Work task: You are asked to copy the entire listing exactly, apart from its pictures.

Data for this exercise:
******
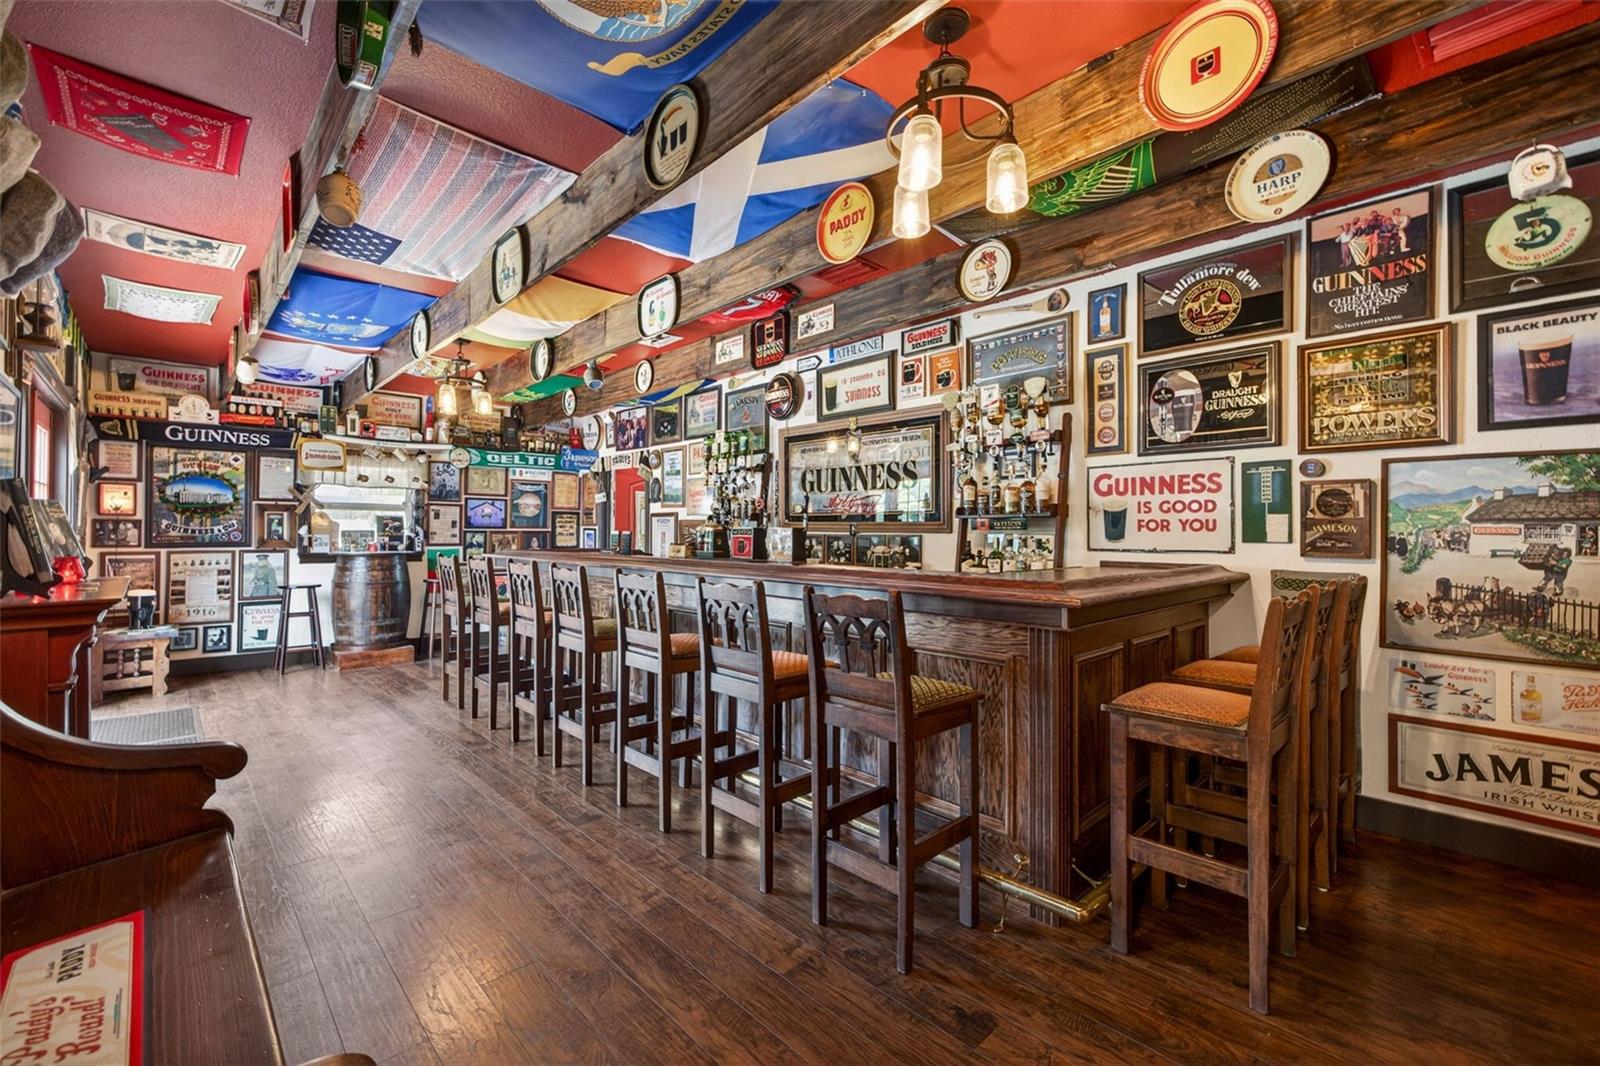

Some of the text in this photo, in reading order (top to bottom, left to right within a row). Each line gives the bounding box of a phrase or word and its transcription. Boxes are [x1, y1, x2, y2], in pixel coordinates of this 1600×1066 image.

[1256, 172, 1302, 194] HARP
[829, 206, 867, 235] PADDY
[1513, 206, 1562, 249] 5
[1534, 226, 1577, 260] GUINNESS
[1312, 254, 1427, 293] GUINNESS
[1157, 265, 1262, 307] Tullamore dew
[1352, 282, 1381, 296] THE
[1496, 312, 1598, 335] BLACK BEAUTY
[907, 325, 948, 344] GUINNESS
[836, 338, 881, 360] ATHLONE
[141, 366, 206, 383] GUINNESS
[94, 392, 131, 403] GUINNESS
[245, 382, 320, 398] GUINNESS
[1212, 385, 1259, 399] DRAUGHT
[371, 396, 417, 411] GUINNESS
[1204, 394, 1267, 411] GUINNESS
[164, 425, 271, 446] GUINNESS
[486, 454, 556, 466] CELTIC
[800, 460, 918, 493] GUINNESS
[1093, 471, 1223, 497] GUINNESS
[1136, 499, 1218, 514] IS GOOD
[1136, 518, 1218, 533] FOR YOU
[1311, 524, 1360, 534] JAMESON
[186, 608, 217, 617] 1916
[1484, 791, 1534, 808] IRISH
[57, 944, 86, 984] PADDY
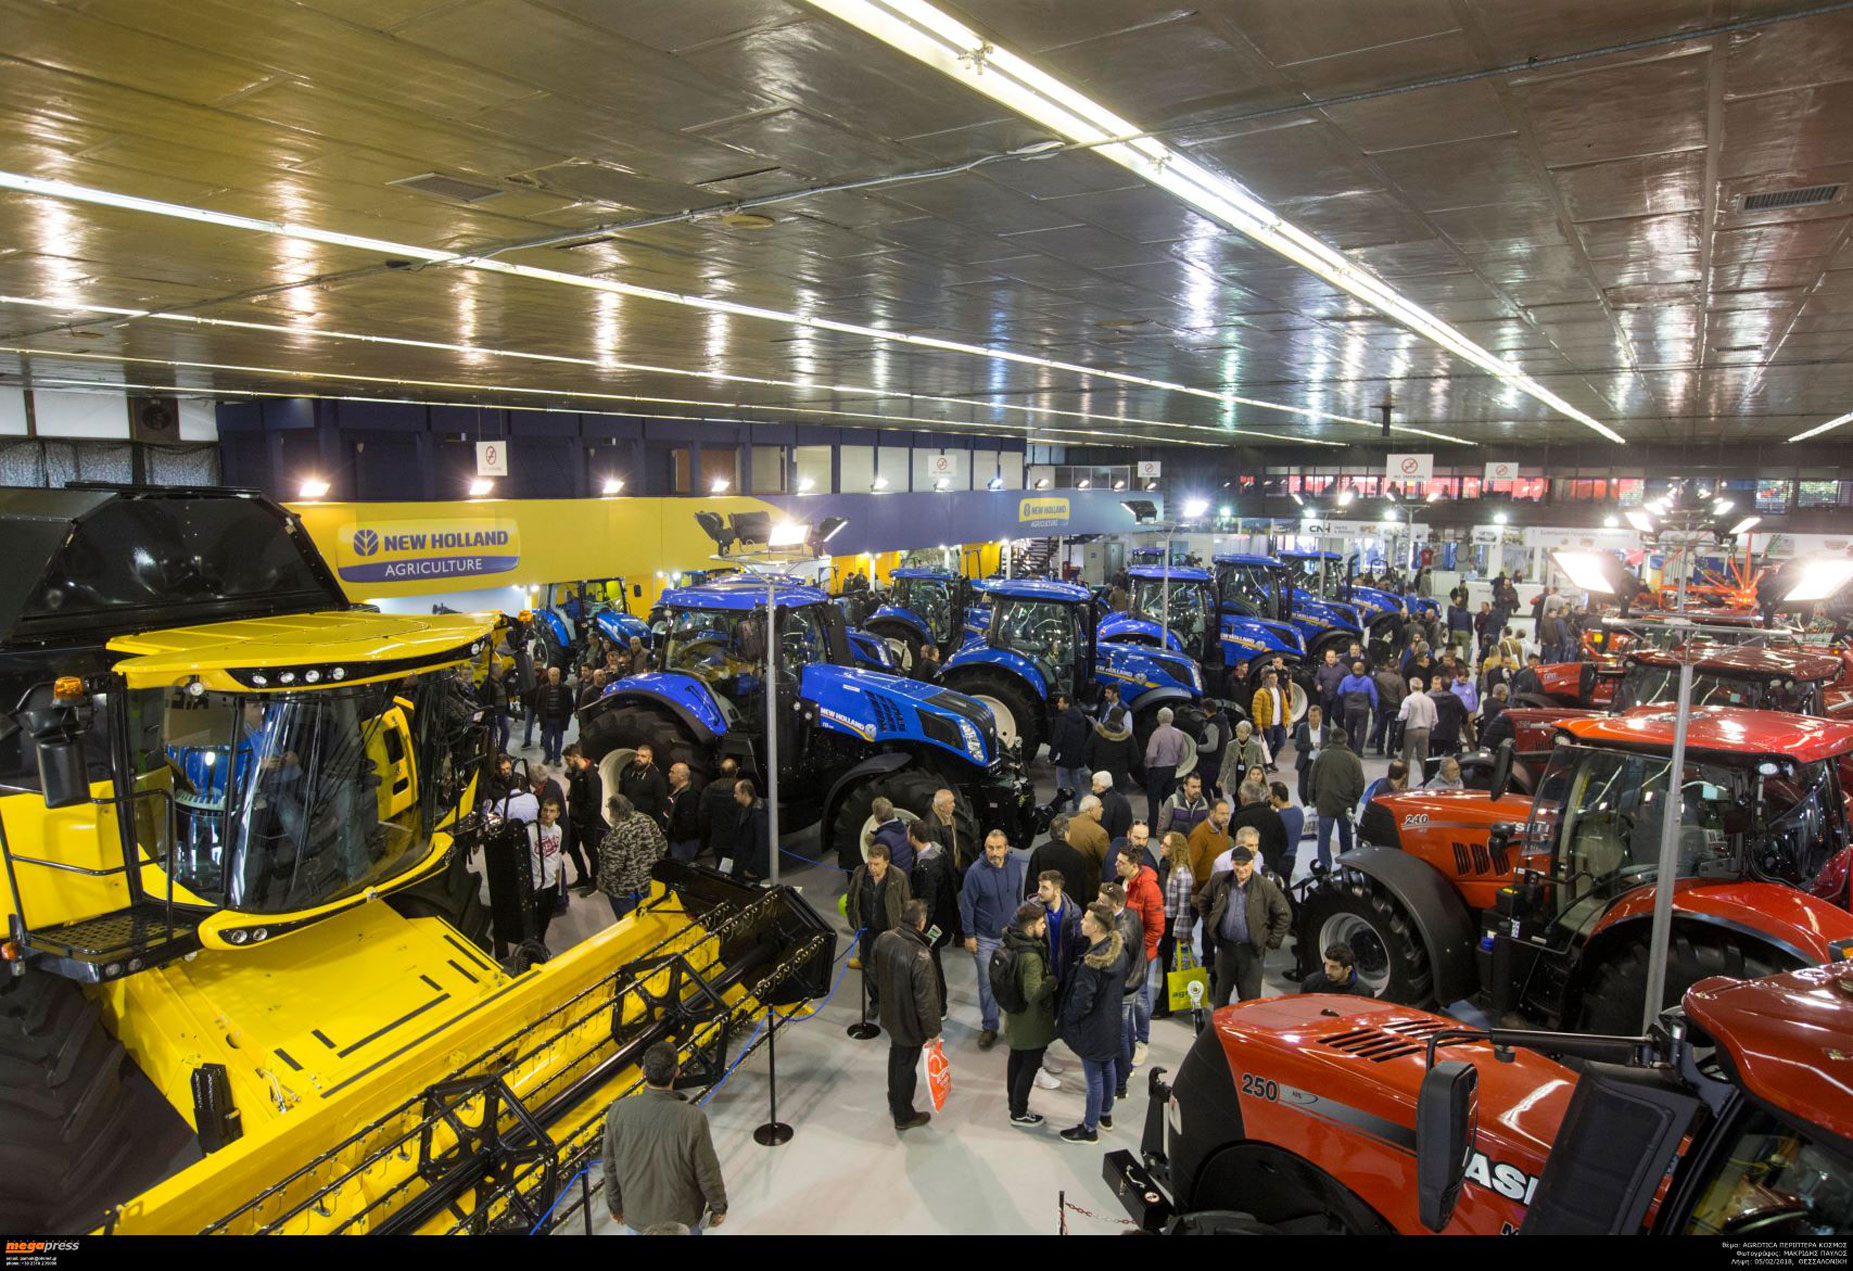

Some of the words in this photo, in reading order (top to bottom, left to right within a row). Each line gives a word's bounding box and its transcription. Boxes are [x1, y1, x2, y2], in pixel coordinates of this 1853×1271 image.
******
Task answer:
Some of the text in this photo, in reading order (top to bottom, left to right within a row). Each line gives the bounding box of a phrase or word and its transcription. Boxes are [x1, y1, x2, y2], in pixel coordinates of this 1600×1066 image.

[1256, 172, 1302, 194] HARP
[829, 206, 867, 235] PADDY
[1513, 206, 1562, 249] 5
[1534, 226, 1577, 260] GUINNESS
[1312, 254, 1427, 293] GUINNESS
[1157, 265, 1262, 307] Tullamore dew
[1352, 282, 1381, 296] THE
[1496, 312, 1598, 335] BLACK BEAUTY
[907, 325, 948, 344] GUINNESS
[836, 338, 881, 360] ATHLONE
[141, 366, 206, 383] GUINNESS
[94, 392, 131, 403] GUINNESS
[245, 382, 320, 398] GUINNESS
[1212, 385, 1259, 399] DRAUGHT
[371, 396, 417, 411] GUINNESS
[1204, 394, 1267, 411] GUINNESS
[164, 425, 271, 446] GUINNESS
[486, 454, 556, 466] CELTIC
[800, 460, 918, 493] GUINNESS
[1093, 471, 1223, 497] GUINNESS
[1136, 499, 1218, 514] IS GOOD
[1136, 518, 1218, 533] FOR YOU
[1311, 524, 1360, 534] JAMESON
[186, 608, 217, 617] 1916
[1484, 791, 1534, 808] IRISH
[57, 944, 86, 984] PADDY

Some of the words in this photo, in reading order (top to bottom, left to right within a row). Each line gives a word's bounding box and its transcription. Boxes are [x1, y1, x2, y2], in pixel coordinates of this 1853×1271 image.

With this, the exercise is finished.